The above embodiments are merely exemplary embodiments of the present invention, and are not intended to limit the invention, and the scope of the invention is defined by the claims. A person skilled in the art can make various modifications or equivalents to the invention within the spirit and scope of the invention, and such modifications or equivalents are also considered to fall within the scope of the invention.

Claims

The belt nerve monitoring lumbar intervertebral foramen enlargement forming apparatus comprises at least a plurality of soft tissue expansion tubes which are gradually enlarged, a plurality of expansion sleeves which are expanded step by step, and a plurality of protection sleeves which are expanded step by step, characterized in that the soft tissue The expansion tube, the expansion sleeve and the protective sleeve each comprise a tube body and an insulating handle disposed at one end of the tube body, the tube body each includes an insulating outer wall and a metal inner wall, and the insulating outer wall is provided with the metal The conductive portion of the inner wall that is electrically connected to the nerve detector.

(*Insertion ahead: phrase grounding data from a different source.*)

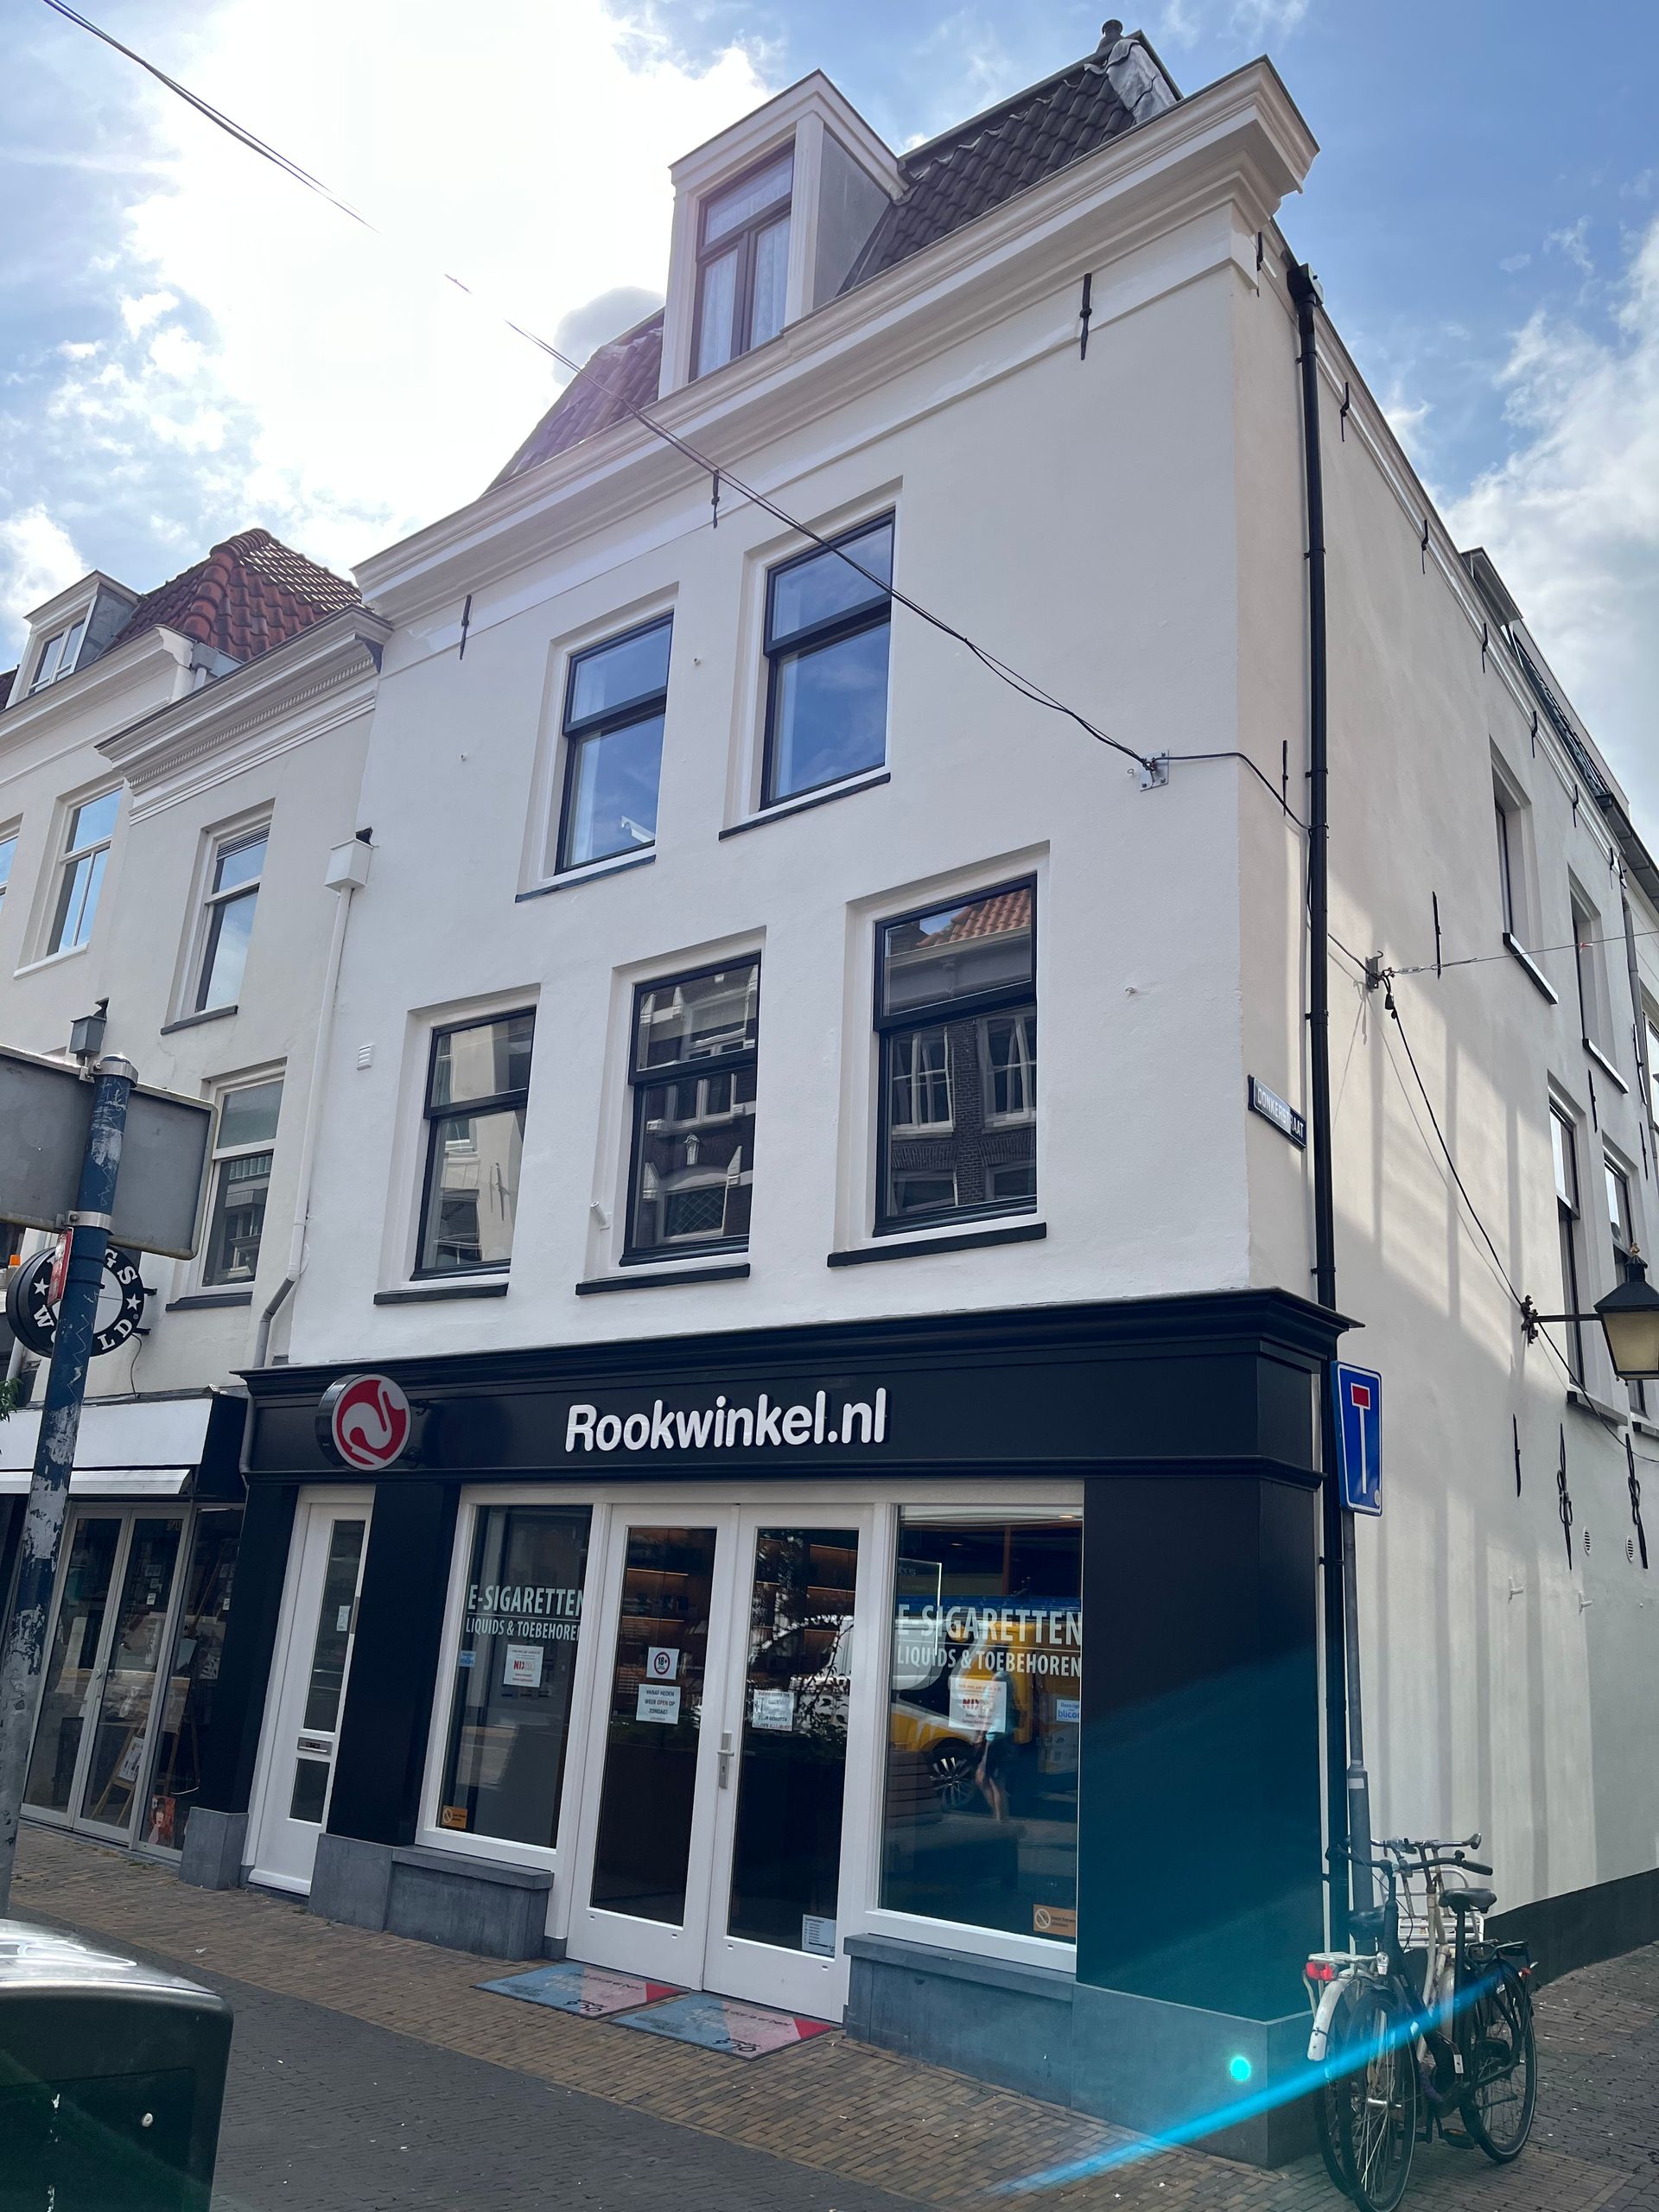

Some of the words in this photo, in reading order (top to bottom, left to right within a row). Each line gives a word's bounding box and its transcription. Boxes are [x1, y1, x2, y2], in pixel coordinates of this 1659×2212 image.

[1257, 1087, 1304, 1139] DONKERSTRAAT
[565, 1387, 887, 1452] Rookwinkel.nl
[465, 1618, 505, 1636] LIQUIDS
[506, 1620, 515, 1637] &
[658, 1656, 668, 1666] 18+
[897, 1645, 957, 1669] LIQUIDS
[960, 1649, 973, 1669] &
[976, 1649, 1081, 1677] TOEBEHOREN

The transversal nerve monitoring lumbar intervertebral foramen enlargement forming apparatus according to claim 1, wherein the conductive portion comprises a first conductive portion disposed adjacent to the insulating handle and the insulating body disposed on the tube body is not provided with insulation a second conductive portion at one end of the handle.
The transversal nerve monitoring lumbar intervertebral foramen enlargement forming apparatus according to claim 2, wherein the tube body is formed of a metal inner tube and an insulating layer disposed outside the metal inner tube; The insulating layer is not provided at both ends to form the first conductive portion and the second conductive portion.

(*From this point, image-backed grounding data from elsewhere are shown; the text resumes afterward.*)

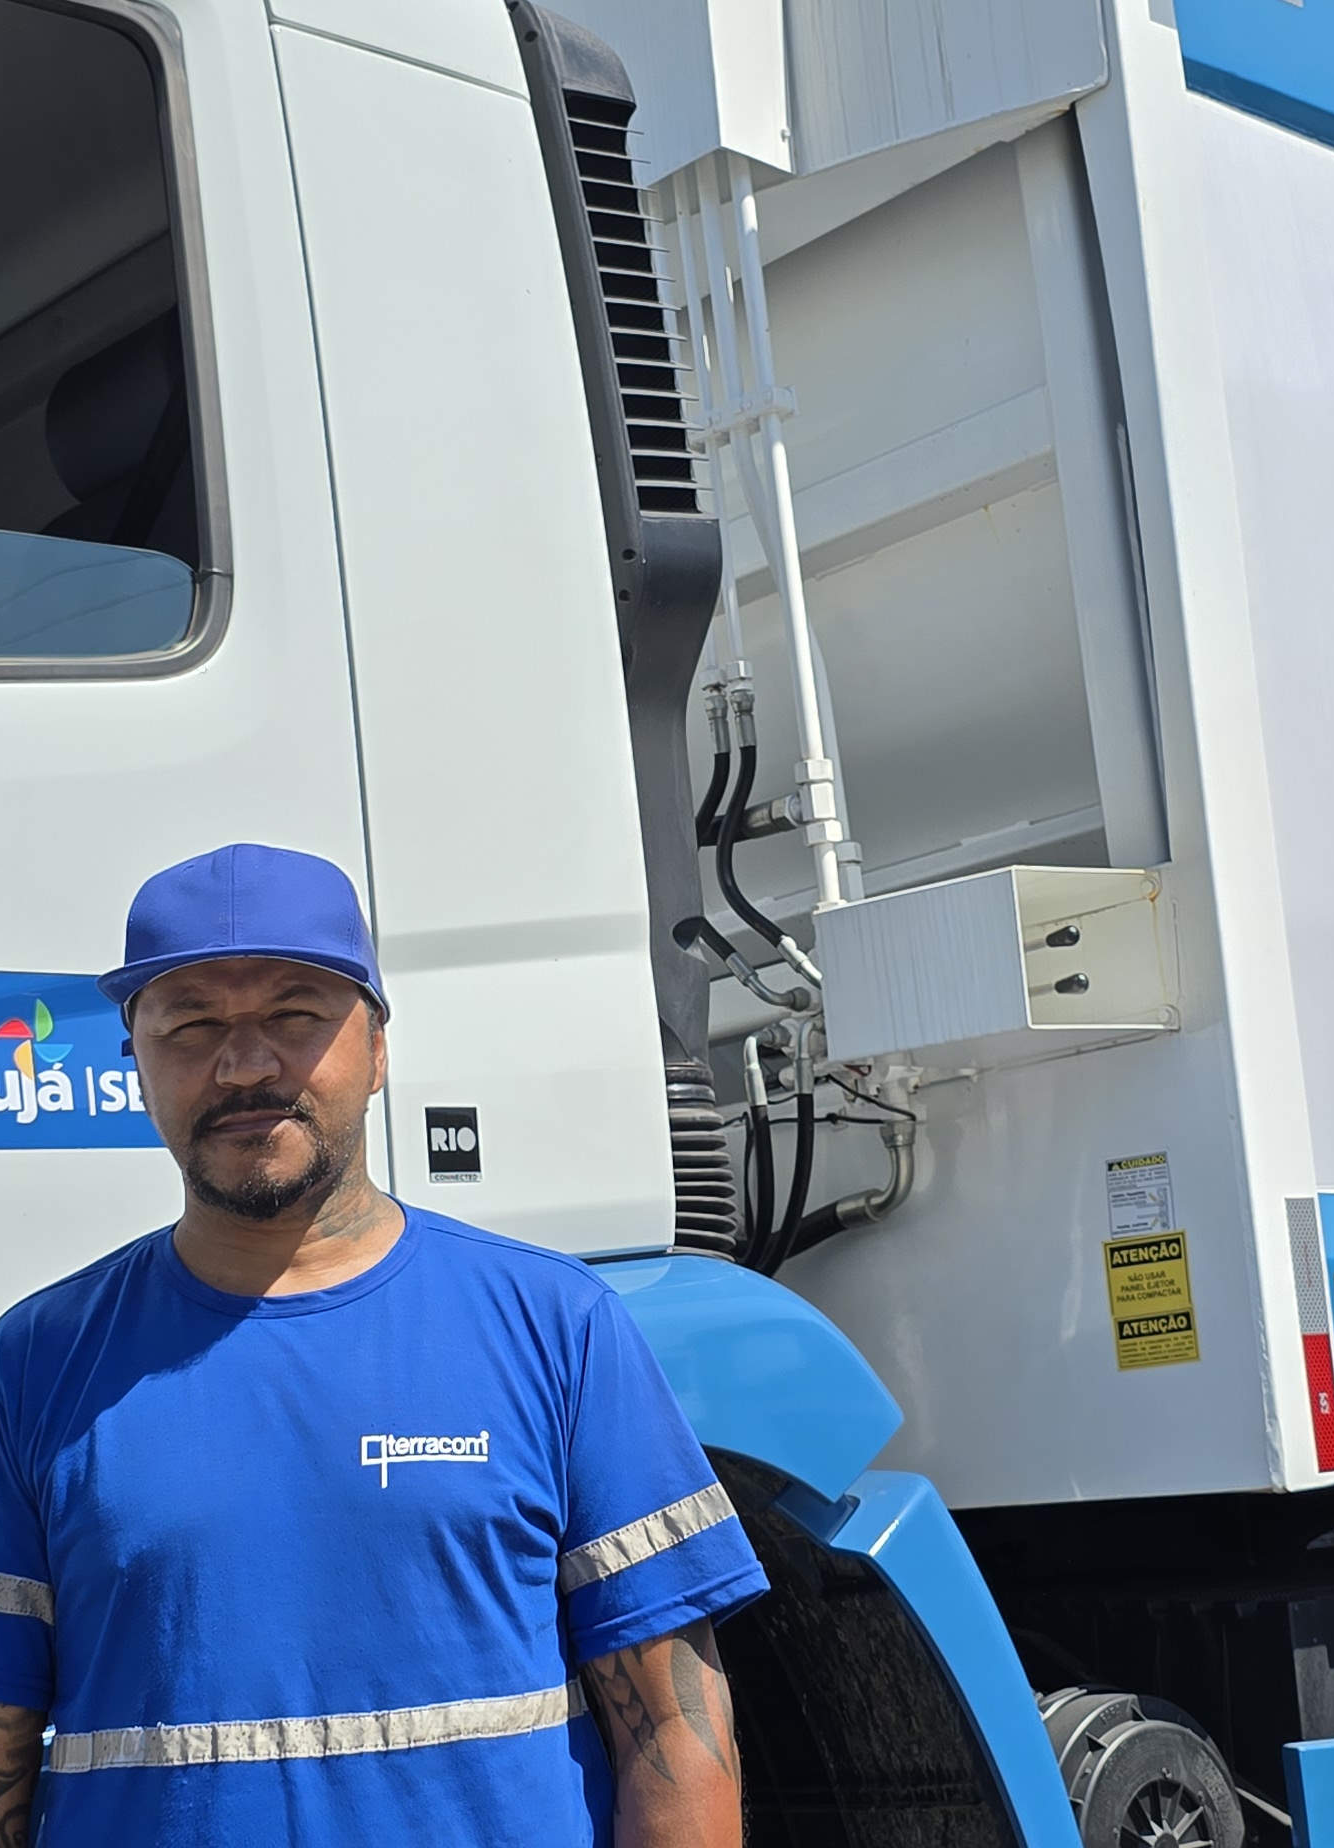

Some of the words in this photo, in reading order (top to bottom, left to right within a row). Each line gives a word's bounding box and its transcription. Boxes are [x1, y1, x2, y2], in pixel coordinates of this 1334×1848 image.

[430, 1126, 477, 1152] RIO
[1121, 1154, 1165, 1170] CUIDADO
[1112, 1242, 1180, 1265] ATENÇÃO
[1128, 1272, 1143, 1282] NÃO
[1145, 1270, 1166, 1280] USAR
[1116, 1294, 1136, 1303] PARA
[1137, 1287, 1182, 1301] COMPACTAR
[1120, 1283, 1146, 1293] PAINEL
[1147, 1279, 1175, 1290] EJETOR
[1122, 1315, 1188, 1336] ATENÇÃO
[386, 1434, 488, 1456] terracom

The transversal nerve monitoring lumbar intervertebral foramen enlargement forming apparatus according to claim 1, wherein the lumen of the soft tissue expansion tube forms a first guide wire passage, and the soft tissue expansion tube further has at least one tube wall a second guide wire passage that is axially penetrated.
The transversal nerve monitoring lumbar intervertebral foramen enlargement forming apparatus according to claim 1, wherein an outer wall of the protective sleeve having an inner diameter of not less than 10 mm is axially symmetrically provided with two fixing screws for inserting The protective sleeve is fixed to a fixing hole on a human spine, and the fixing hole axially penetrates the protective sleeve.

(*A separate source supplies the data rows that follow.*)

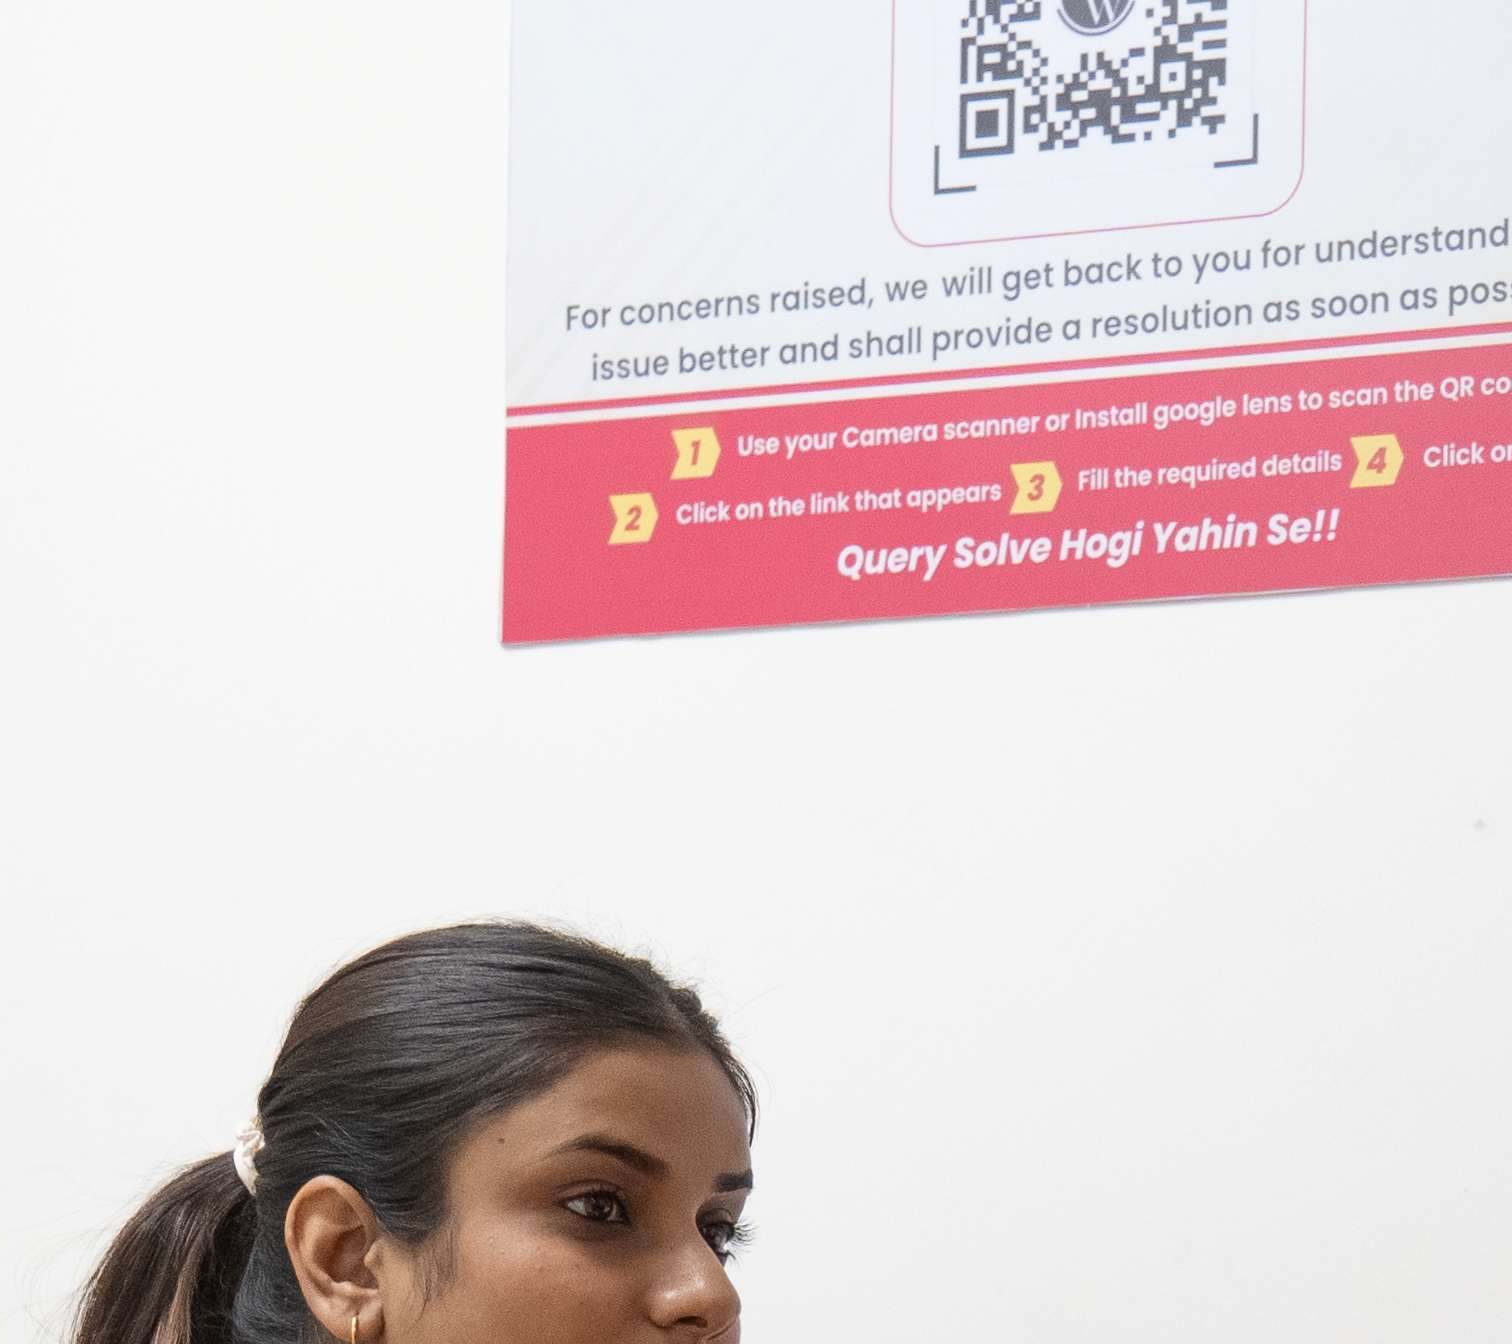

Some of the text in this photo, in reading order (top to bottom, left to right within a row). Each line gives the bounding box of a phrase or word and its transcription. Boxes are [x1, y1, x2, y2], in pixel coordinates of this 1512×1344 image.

[567, 305, 611, 331] For
[620, 294, 760, 326] concerns
[771, 277, 873, 312] raised,
[885, 280, 928, 302] we
[942, 266, 992, 297] will
[1002, 263, 1053, 301] get
[1064, 253, 1142, 286] back
[1152, 253, 1182, 278] to
[1192, 249, 1251, 284] you
[1262, 239, 1305, 268] for
[593, 353, 669, 381] issue
[679, 344, 770, 373] better
[779, 334, 838, 364] and
[849, 326, 921, 358] shall
[933, 317, 1052, 361] provide
[1062, 319, 1080, 340] a
[1092, 300, 1252, 338] resolution
[1263, 300, 1300, 323] as
[1311, 292, 1389, 318] soon
[1400, 288, 1437, 310] as
[691, 440, 701, 465] 1
[738, 435, 780, 456] Use
[785, 432, 837, 459] your
[842, 424, 938, 448] Camera
[944, 416, 1040, 440] scanner
[1045, 413, 1070, 432] or
[1075, 402, 1147, 429] Install
[1153, 396, 1237, 430] google
[1243, 394, 1292, 415] lens
[1298, 390, 1323, 410] to
[1329, 387, 1388, 408] scan
[1394, 380, 1434, 402] the
[1440, 376, 1474, 401] QR
[624, 505, 642, 531] 2
[676, 501, 730, 524] Click
[735, 502, 763, 520] on
[768, 496, 805, 517] the
[810, 492, 849, 514] link
[855, 489, 901, 511] that
[906, 484, 1002, 512] appears
[1027, 474, 1045, 501] 3
[1078, 468, 1108, 491] Fill
[1114, 466, 1152, 488] the
[1158, 456, 1256, 488] required
[1262, 450, 1342, 476] details
[1367, 447, 1387, 473] 4
[1423, 442, 1484, 468] Click
[838, 509, 1340, 581] Query Solve Hogi Yahin Se!!

The transversal nerve monitoring lumbar intervertebral foramen enlargement forming instrument according to claim 5, wherein the outer wall of the protective sleeve is axially symmetrically disposed with two projections extending axially along the protective sleeve, The protrusions are respectively provided with the fixing holes along the axial direction of the protection sleeve.
The transversal nerve monitoring lumbar intervertebral foramen enlargement forming apparatus according to claim 1, wherein one end of the soft tissue expansion tube not provided with the insulating handle is a tapered end, and the soft tissue expansion tube is adjacent to the taper thereof. The surface friction coefficient of the end portion and the tapered end is greater than the surface friction coefficient of the portion away from the tapered end.
The transversal nerve monitoring lumbar intervertebral foramen enlargement forming apparatus according to claim 1, wherein one end of the expansion sleeve and the protective sleeve not provided with the insulating handle is a duckbill shape.
The transversal nerve monitoring lumbar intervertebral foramen enlargement forming apparatus according to claim 1, wherein the soft tissue expansion tube, the expansion sleeve, and the insulating outer wall of the protective sleeve are provided with scales.
The transversal nerve monitoring lumbar intervertebral foramen enlargement forming apparatus according to claim 1, further comprising a metal guide wire for positioning in the first guide wire hole and the second guide wire hole. a ring saw for piercing the protective sleeve for drilling and a side posterior disc mirror working sleeve for threading through the protective sleeve for reaming.